AY1718 T2 Group21 fig10primaryitemswithintopicandscores.PNG
Fig. 10: Primary items within topic and scores

The first item listed in each of the topic from figure 10 represent the primary items in the topic. Topic 1 is a group of transactions that contains “People” and “Indian” but not “Animals”, Topic 2 is a group that contains “Plants” and “Vehicles”, Topic 3 does not contain “Wooden Toys” but contains “World” and Topic 4 contains “Packs” but not “World”. This can further support our association analysis and recommend more specific bundling methods, provided it has sufficiently high support, confidence and lift levels. For our case study, only topic 1 and 2 would be relevant to Brainsmith as it has rules generated to support this analysis.



5. RECOMMENDATIONS


Method of Bundling

Based on our market basket analysis, we believe that if Brainsmith decides to bundle products and explore cross-selling, they should bundle products that are in categories that have high confidence values.
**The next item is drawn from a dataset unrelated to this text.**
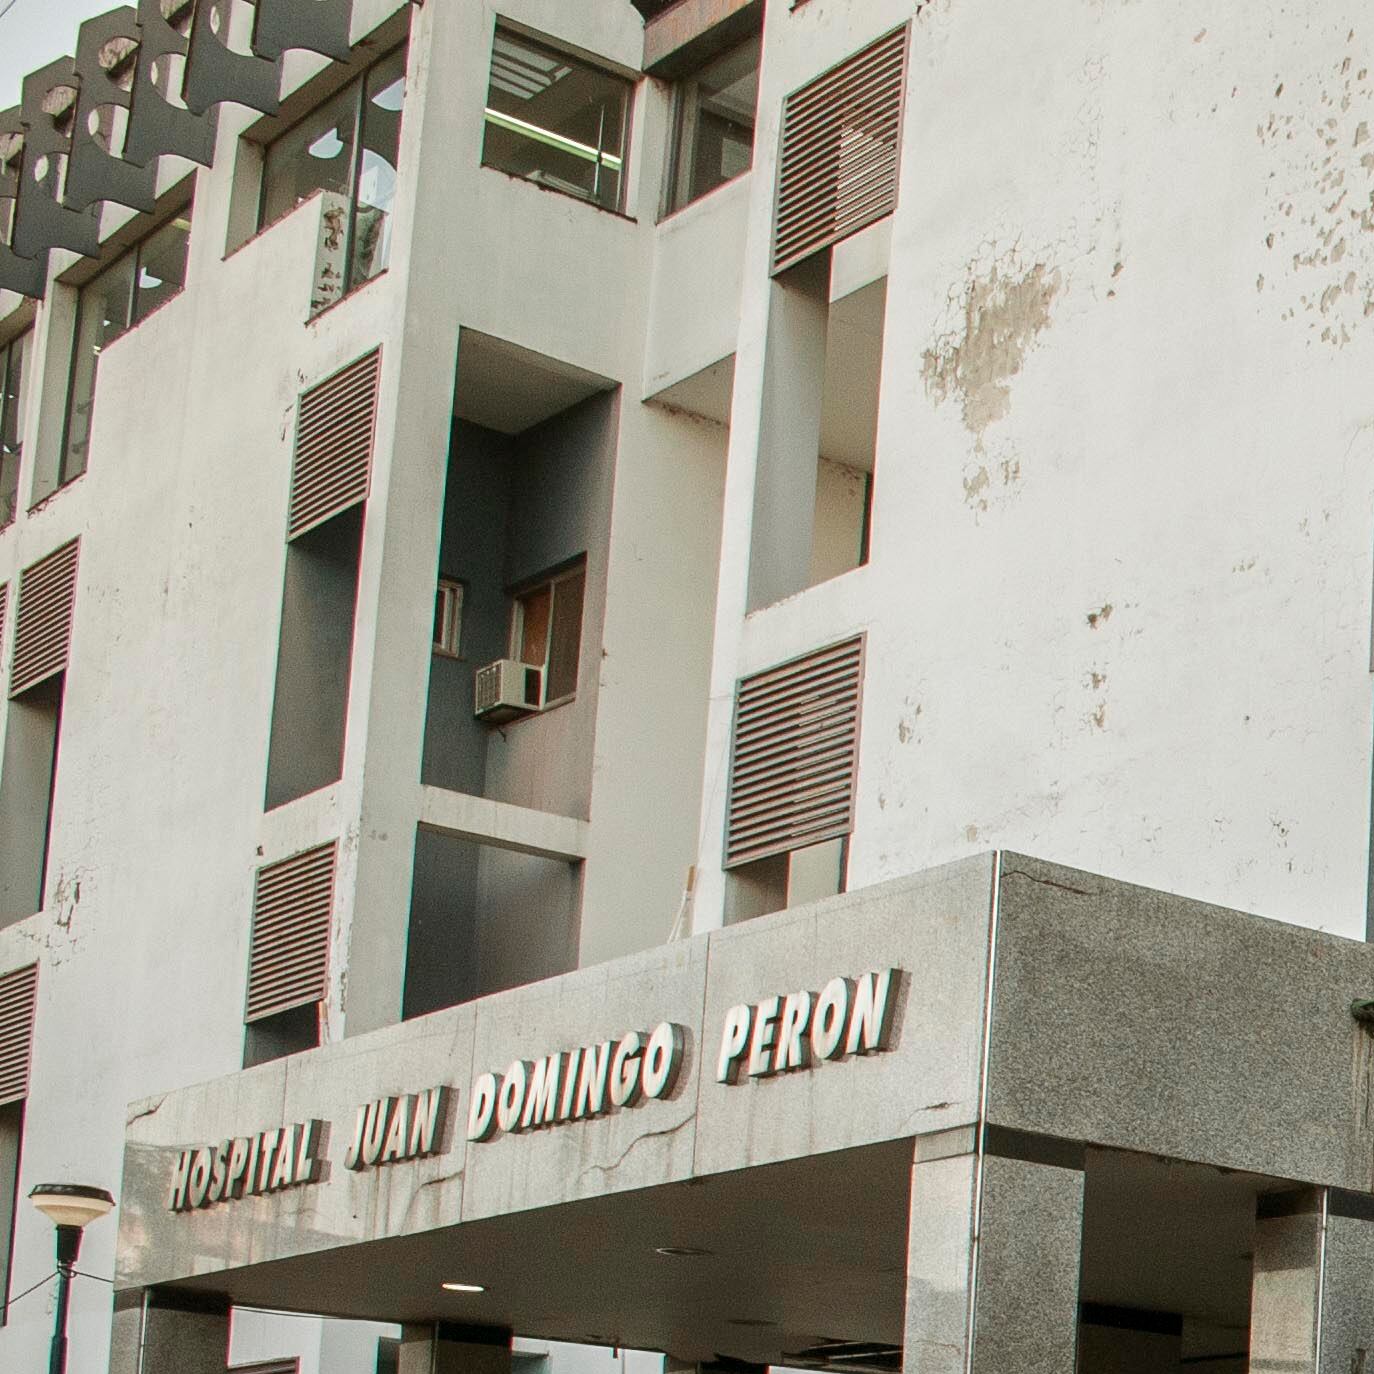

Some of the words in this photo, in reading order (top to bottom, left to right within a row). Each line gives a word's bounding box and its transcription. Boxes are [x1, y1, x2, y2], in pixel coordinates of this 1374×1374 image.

[169, 1119, 316, 1212] HOSPITAL
[345, 1085, 443, 1170] JUAN
[468, 1022, 676, 1142] DOMINGO
[717, 968, 895, 1084] PERON
For instance, they can bundle the products “Indian Monuments” and “Organs of the Human Body” together as they are in the “Indian” and “People” categories respectively. By bundling these two products together, there is a likelihood for people to purchase them.

While the company sell bundled Quantum Cards in the “Packs” category, they include products bundled within the same category, limiting cross-selling, and typically include >10 Quantum Cards. Thus, having a smaller product bundled with stronger associative relationship may improve sales.
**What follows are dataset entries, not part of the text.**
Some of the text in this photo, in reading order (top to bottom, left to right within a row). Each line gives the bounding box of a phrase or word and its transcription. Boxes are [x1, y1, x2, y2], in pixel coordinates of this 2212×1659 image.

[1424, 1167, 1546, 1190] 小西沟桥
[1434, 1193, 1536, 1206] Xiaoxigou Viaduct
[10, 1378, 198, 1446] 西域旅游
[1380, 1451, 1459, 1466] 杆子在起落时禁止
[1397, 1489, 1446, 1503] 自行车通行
Product Placement on Website

Besides cross-selling, another method that Brainsmith can explore would be to investigate shelf placement of the products. As Brainsmith sells its products online, this would mean that they can explore the order that the products are listed on their catalogue page. Brainsmith can consider placing products from the “People” and “World” categories next to each other on the products sub-page of their website. Also, customers that browse items in one of the categories can have products from the other categories recommended to them in the same page, increasing the likeliness of multiple purchases through association.

6. CONCLUSION AND LIMITATIONS

Something we must note, that while researching we observed, was that the purchase data was a little lacking, and quite disparate. This single purchase clients and given the number of purchases that occurred through the website over the past two years, do not provide us enough data to confidently state that our association rules (even within subcategories) are fool-proof. But we believe that this method is robust and can be extended in the future easily as more data is observed.
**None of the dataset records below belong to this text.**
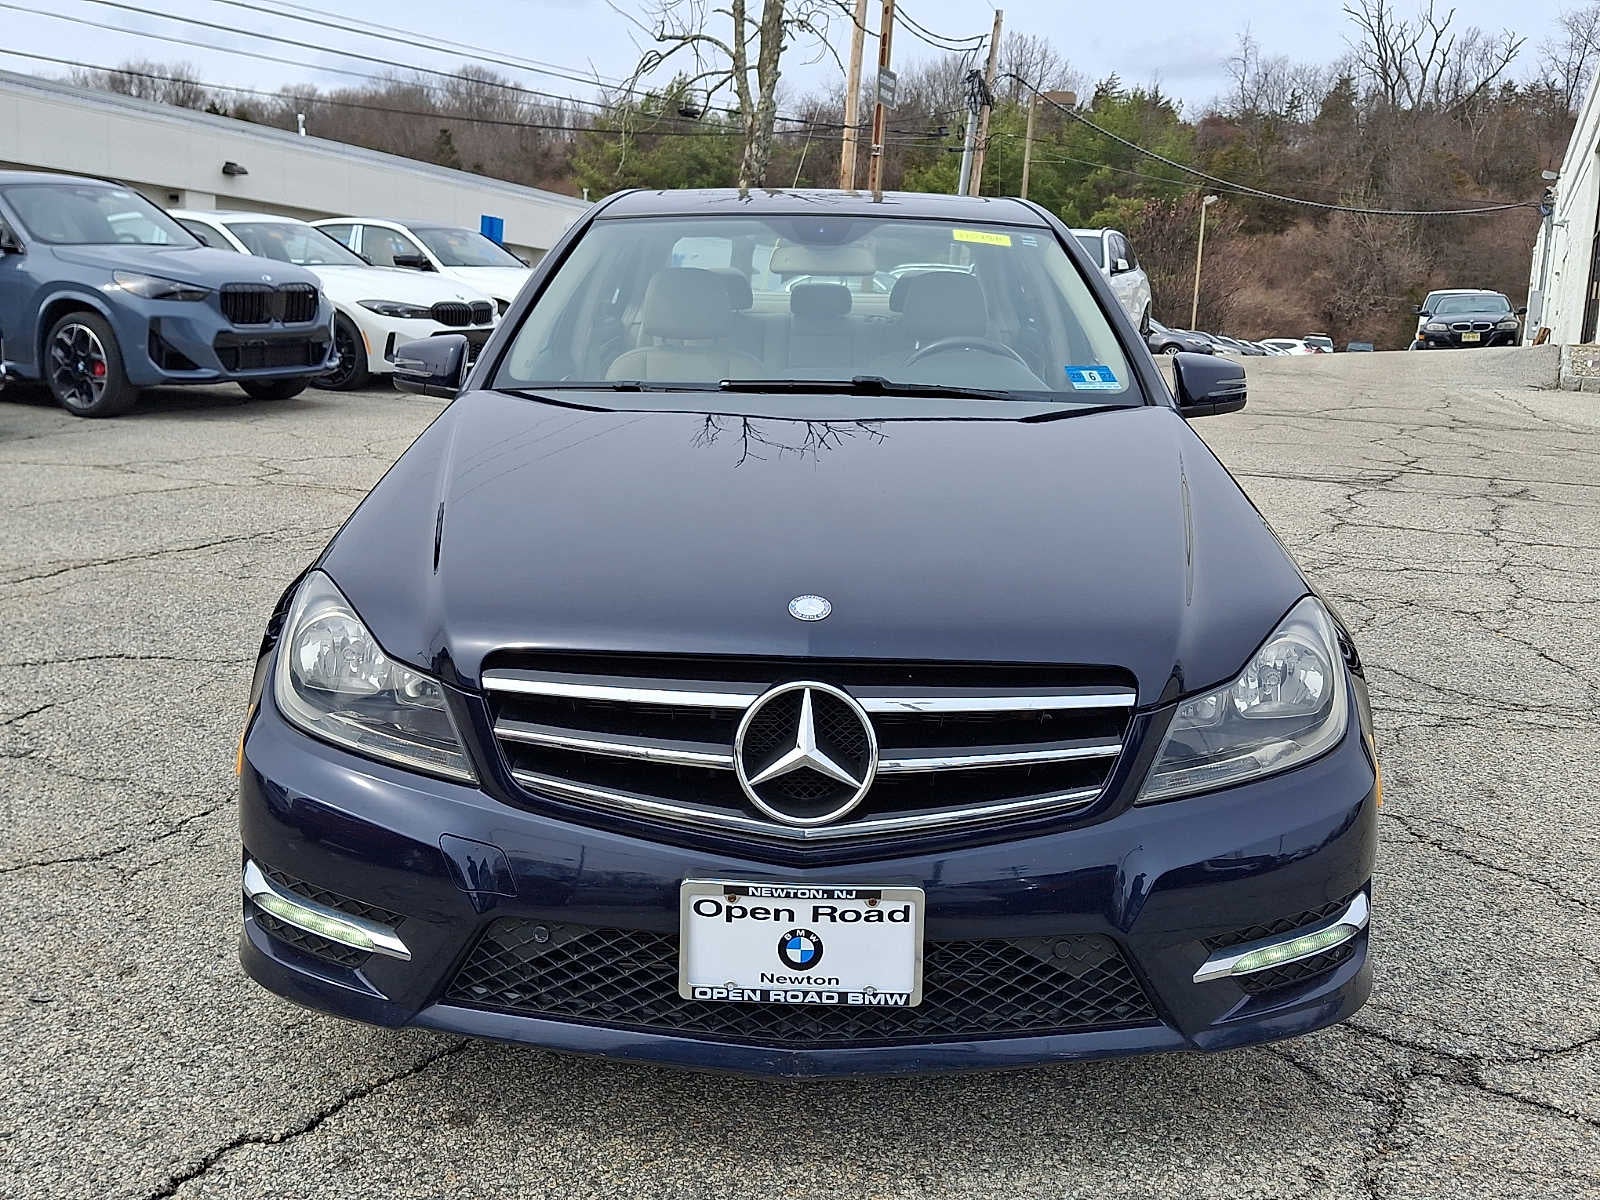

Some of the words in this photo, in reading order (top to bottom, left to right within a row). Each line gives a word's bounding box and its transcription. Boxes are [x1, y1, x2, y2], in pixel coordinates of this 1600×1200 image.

[1088, 372, 1097, 381] 6
[748, 886, 828, 899] NEWTON,
[834, 890, 856, 899] NJ
[693, 899, 795, 923] Open
[811, 904, 911, 923] Road
[784, 930, 819, 942] BMW
[760, 973, 840, 986] Newton
[694, 987, 761, 1002] OPEN
[769, 990, 839, 1004] ROAD
[847, 992, 908, 1006] BMW
Through this paper, we attempted to resolve the consistent lack of conversion rate for our client. This resulted in a deep understanding of the e-commerce industry, and the application of traditional retail market analysis techniques to these data sets. What resulted was association rules utilising the past two years of purchase data from past customers.

We hope that recommendations derived from this will provide the company more success and greater direction to bolster sales.



REFERENCES

[1] Linoff G. S., Berry M. J. A. (2011). Data Mining Techniques: For Marketing, Sales, and Customer Relationship Management. John Wiley and Sons, Inc.
[2] Mauricio, V., Gonzalo, R., Rodrigo, M. (2017). Market basket analysis: Complementing association rules with minimum spanning trees. Expert Systems with Applications.
[3] Ledolter, J. (2013). Data Mining and Business Analytics with R. John Wiley and Sons, Inc.
[4] Harlam, B. A., Lodish, L. M. (1995). `Modeling Consumers' Choices of Multiple Items. Journal of Marketing Research, 32 (November), 392-403.
[5] Russell, G. J., Petersen, A. (2000). Analysis of Cross Category Dependence in Market Basket Selection. Journal of Retailing; Greenwich Vol. 76, Iss. 3, 367-392.
[6] Qualls, B. (2013) Introduction to Market Basket Analysis. First Analytics, Raleigh, NC.
[7] New Gen App (2017). Market Basket Analysis: Meaning, Benefits and Role of Big Data in MBA. Retrieved from https://www.newgenapps.com/blog/what-is-market-basket-analysis-predicting-customer-purchases-big-data
[8] Giudici, P., Figini, S. (2009). Applied Data Mining for Business and Industry. John Wiley and Sons, Inc.
[9] Agrawal, R., Srikant, R. (1995). Mining Generalized Association Rules. San Jose, California. IBM Research Division.